MILLER: Yes, Bush did. Bush 41 grabbed me. He said, "I don't want any f-bombs. My wife is here."

O'REILLY: Really?

MILLER: Yes. It was cool. I liked Bush 41. You know, I think he missed the point on a couple things. I wish he'd went up that road and croaked that tote over that. But he was just a straightforward guy: "My wife is here, I don't want any f-bombs." He was pretty cool about it. So at the end I remember leaning in to him, saying, "Was that OK, Mr. President?" He said, "Yes, it was. It was OK." And I felt good. If I'd walked out of that room and felt like I let him down I would have felt really bad.
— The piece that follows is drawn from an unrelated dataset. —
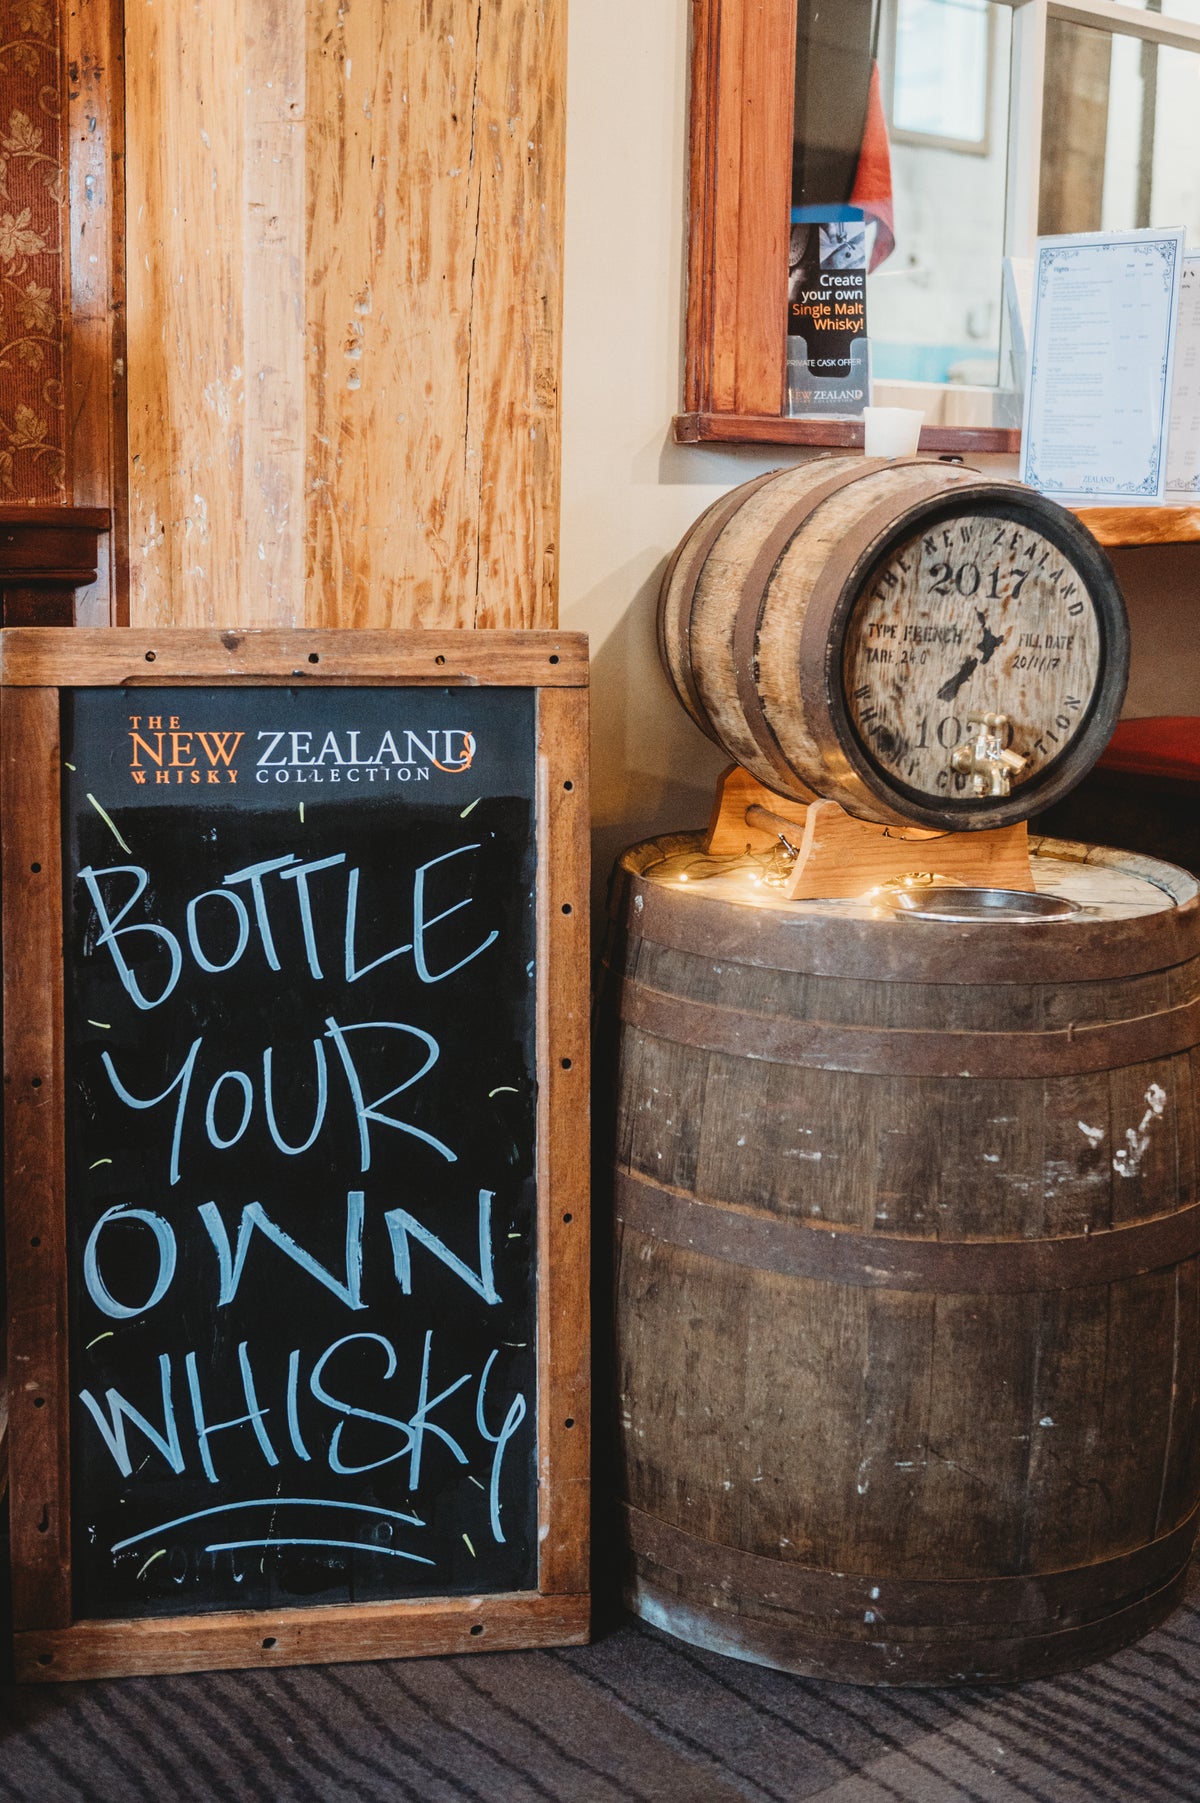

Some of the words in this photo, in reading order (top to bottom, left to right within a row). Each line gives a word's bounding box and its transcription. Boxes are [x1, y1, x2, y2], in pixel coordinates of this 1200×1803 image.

I think Wanda understood there was no way she could let Obama down. I don't think he rides like Bush. You know, he's a little more — give you a little more space. None of it really matters to him. When she said, "I hope his kidneys fail" — when she said, "I hope his kidneys fail," it's like easy to wish for the outlandish like that, because it's probably not going to happen. She could hope that Limbaugh's kidneys fail. I could hope that she would have been a little wittier and pithier that night. Neither one of us were close to having that happen.
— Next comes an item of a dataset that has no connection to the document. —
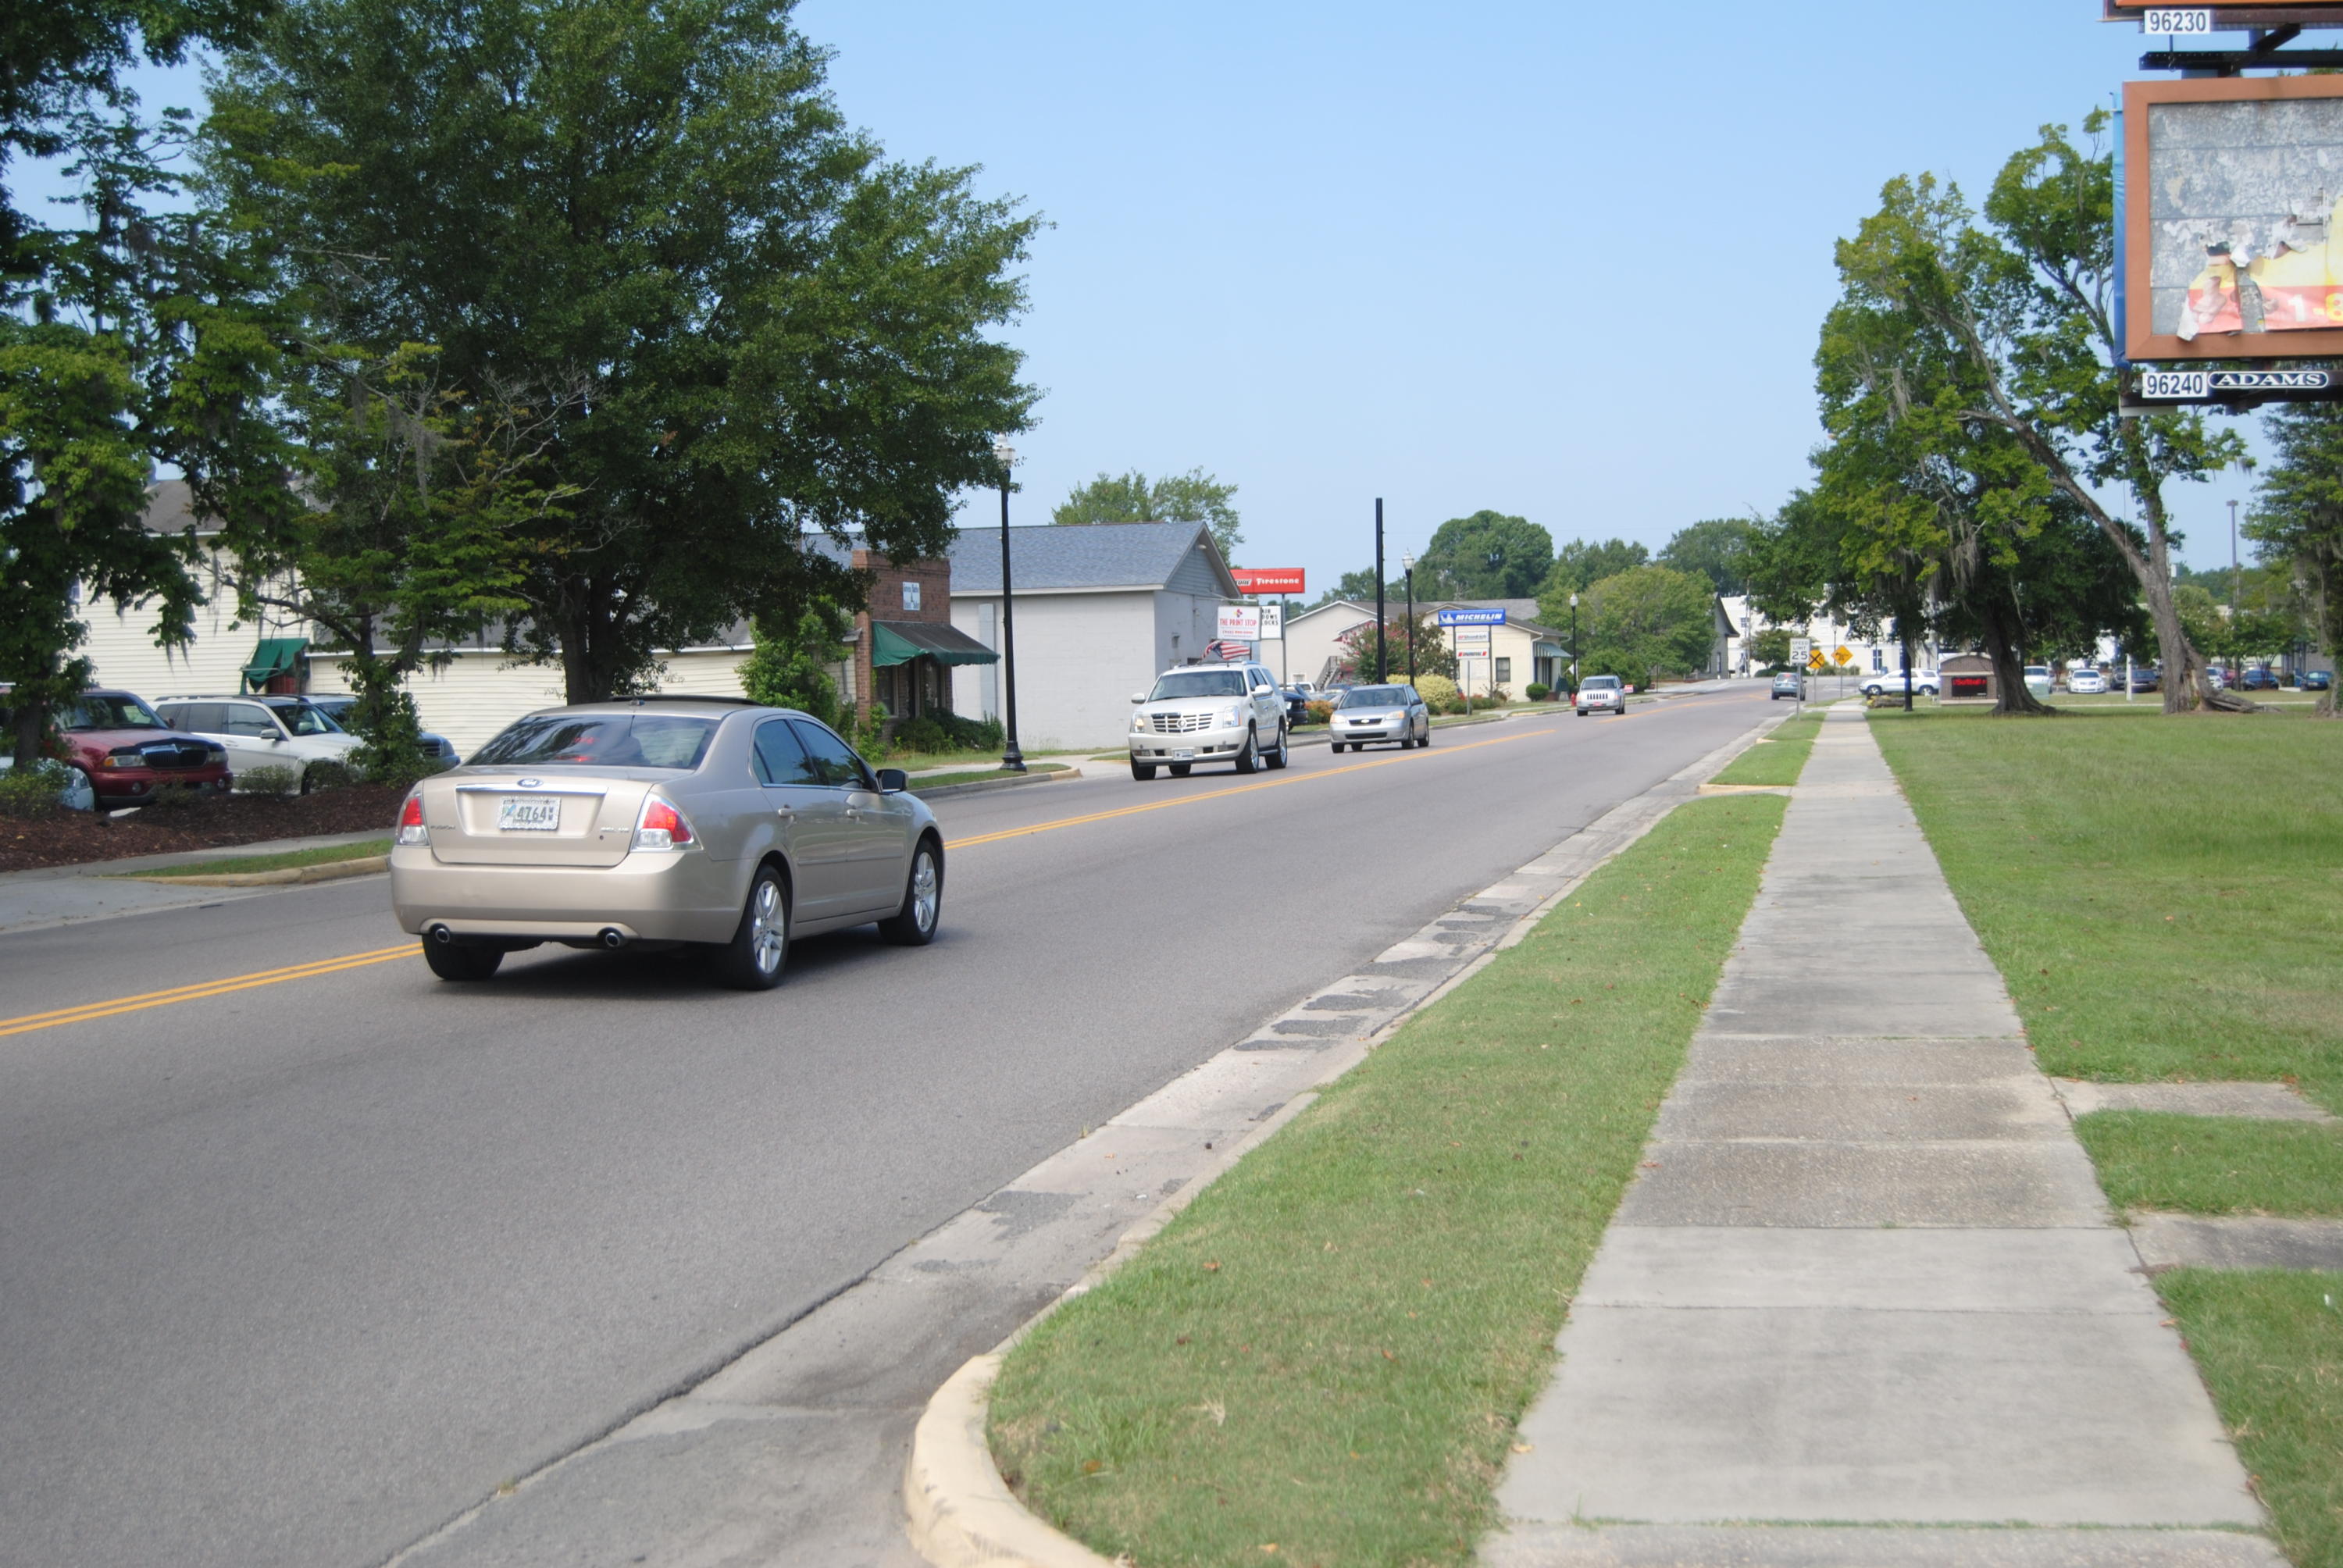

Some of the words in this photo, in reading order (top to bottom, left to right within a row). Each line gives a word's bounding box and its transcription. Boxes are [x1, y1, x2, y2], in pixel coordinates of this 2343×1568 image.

O'REILLY: No, but again, it hurts Barack Obama to be seen as accepting that kind of stuff. And it does. It does. Even for people…

MILLER: Who does it hurt? Do you think he cares?

O'REILLY: I think — I think it hurt him. I do. I think the last...

MILLER: I think he could care less, Bill. He is so front-running right now. They're so in the bag for him. He feels bulletproof. I don't think he thinks twice.

O'REILLY: There's such a thing as dignity, and that's what I think the line was there.

Now, your pal Donald Trump said that Miss California is OK. She's allowed to proceed as runner-up. And you say?

MILLER: Trump had to do something. I thought he was — he thought this was all going to comb over. And when it didn't, he had to protect the brand. You know, he had to dive on the commerce grenade. So I understand what he's doing here. But listen, it was his fault from the get-go. I don't know why he has this Concepcion Ramada (ph) — what's that? I knew his name was a guy who played infield for Sparky Anderson's…

O'REILLY: Perez. Right.

MILLER: I had it mistaken. It's Perez Hilton, not Conception Ramada. But I'm happy for Miss USA or Miss California, whatever she is. How many people get summoned to testify for their God like that? I mean, she must — she must be happy. She got to stand up. How good would that make you feel about yourself?

And as far as provocative photos go from your youth. Billy, I remember when I first met you, you were 19 years old. We were in an auto show in Teaneck, New Jersey. You were standing there next to a revolving Z-28 in a pool board, Drew Merriwhether (ph) cat suit. And I look back on it, it doesn't seem provocative. Nostalgic for those times when you were an automobile model.

O'REILLY: Hey, Miller, give me one favor. Say hello to Khalid Sheik Mohammed for me out of Gitmo.